_WHAT THE EXERCISE ASKS:_ Each line of the material is to be written out exactly.

_PROVIDED MATERIAL:_

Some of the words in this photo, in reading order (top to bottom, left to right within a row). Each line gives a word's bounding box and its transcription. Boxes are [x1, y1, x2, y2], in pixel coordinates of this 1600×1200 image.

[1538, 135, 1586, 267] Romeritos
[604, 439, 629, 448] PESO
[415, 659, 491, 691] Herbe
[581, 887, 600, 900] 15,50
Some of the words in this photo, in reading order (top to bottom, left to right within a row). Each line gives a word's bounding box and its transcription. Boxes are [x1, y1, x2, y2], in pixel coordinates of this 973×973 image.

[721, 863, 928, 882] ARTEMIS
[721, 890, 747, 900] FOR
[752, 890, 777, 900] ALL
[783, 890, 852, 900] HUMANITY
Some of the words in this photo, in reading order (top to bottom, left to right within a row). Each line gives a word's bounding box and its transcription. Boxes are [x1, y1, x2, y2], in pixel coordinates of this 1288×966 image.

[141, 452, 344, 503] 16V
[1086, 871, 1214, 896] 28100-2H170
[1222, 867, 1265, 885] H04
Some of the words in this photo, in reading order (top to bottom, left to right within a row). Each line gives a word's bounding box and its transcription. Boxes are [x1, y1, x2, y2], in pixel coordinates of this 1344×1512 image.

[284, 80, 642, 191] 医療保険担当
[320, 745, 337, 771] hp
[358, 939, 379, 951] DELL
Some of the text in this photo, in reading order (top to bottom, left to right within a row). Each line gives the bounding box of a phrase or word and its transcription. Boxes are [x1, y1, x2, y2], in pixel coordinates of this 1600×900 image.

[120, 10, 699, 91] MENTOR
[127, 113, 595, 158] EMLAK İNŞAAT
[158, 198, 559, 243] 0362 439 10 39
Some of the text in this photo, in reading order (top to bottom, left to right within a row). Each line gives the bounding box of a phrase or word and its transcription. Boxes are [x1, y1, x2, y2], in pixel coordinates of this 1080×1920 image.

_RESPONSE TO THIS TASK:_
Some of the words in this photo, in reading order (top to bottom, left to right within a row). Each line gives a word's bounding box and its transcription. Boxes are [x1, y1, x2, y2], in pixel coordinates of this 1600×1200 image.

[1538, 135, 1586, 267] Romeritos
[604, 439, 629, 448] PESO
[415, 659, 491, 691] Herbe
[581, 887, 600, 900] 15,50
Some of the words in this photo, in reading order (top to bottom, left to right within a row). Each line gives a word's bounding box and its transcription. Boxes are [x1, y1, x2, y2], in pixel coordinates of this 973×973 image.

[721, 863, 928, 882] ARTEMIS
[721, 890, 747, 900] FOR
[752, 890, 777, 900] ALL
[783, 890, 852, 900] HUMANITY
Some of the words in this photo, in reading order (top to bottom, left to right within a row). Each line gives a word's bounding box and its transcription. Boxes are [x1, y1, x2, y2], in pixel coordinates of this 1288×966 image.

[141, 452, 344, 503] 16V
[1086, 871, 1214, 896] 28100-2H170
[1222, 867, 1265, 885] H04
Some of the words in this photo, in reading order (top to bottom, left to right within a row). Each line gives a word's bounding box and its transcription. Boxes are [x1, y1, x2, y2], in pixel coordinates of this 1344×1512 image.

[284, 80, 642, 191] 医療保険担当
[320, 745, 337, 771] hp
[358, 939, 379, 951] DELL
Some of the text in this photo, in reading order (top to bottom, left to right within a row). Each line gives the bounding box of a phrase or word and its transcription. Boxes are [x1, y1, x2, y2], in pixel coordinates of this 1600×900 image.

[120, 10, 699, 91] MENTOR
[127, 113, 595, 158] EMLAK İNŞAAT
[158, 198, 559, 243] 0362 439 10 39
Some of the text in this photo, in reading order (top to bottom, left to right within a row). Each line gives the bounding box of a phrase or word and its transcription. Boxes are [x1, y1, x2, y2], in pixel coordinates of this 1080×1920 image.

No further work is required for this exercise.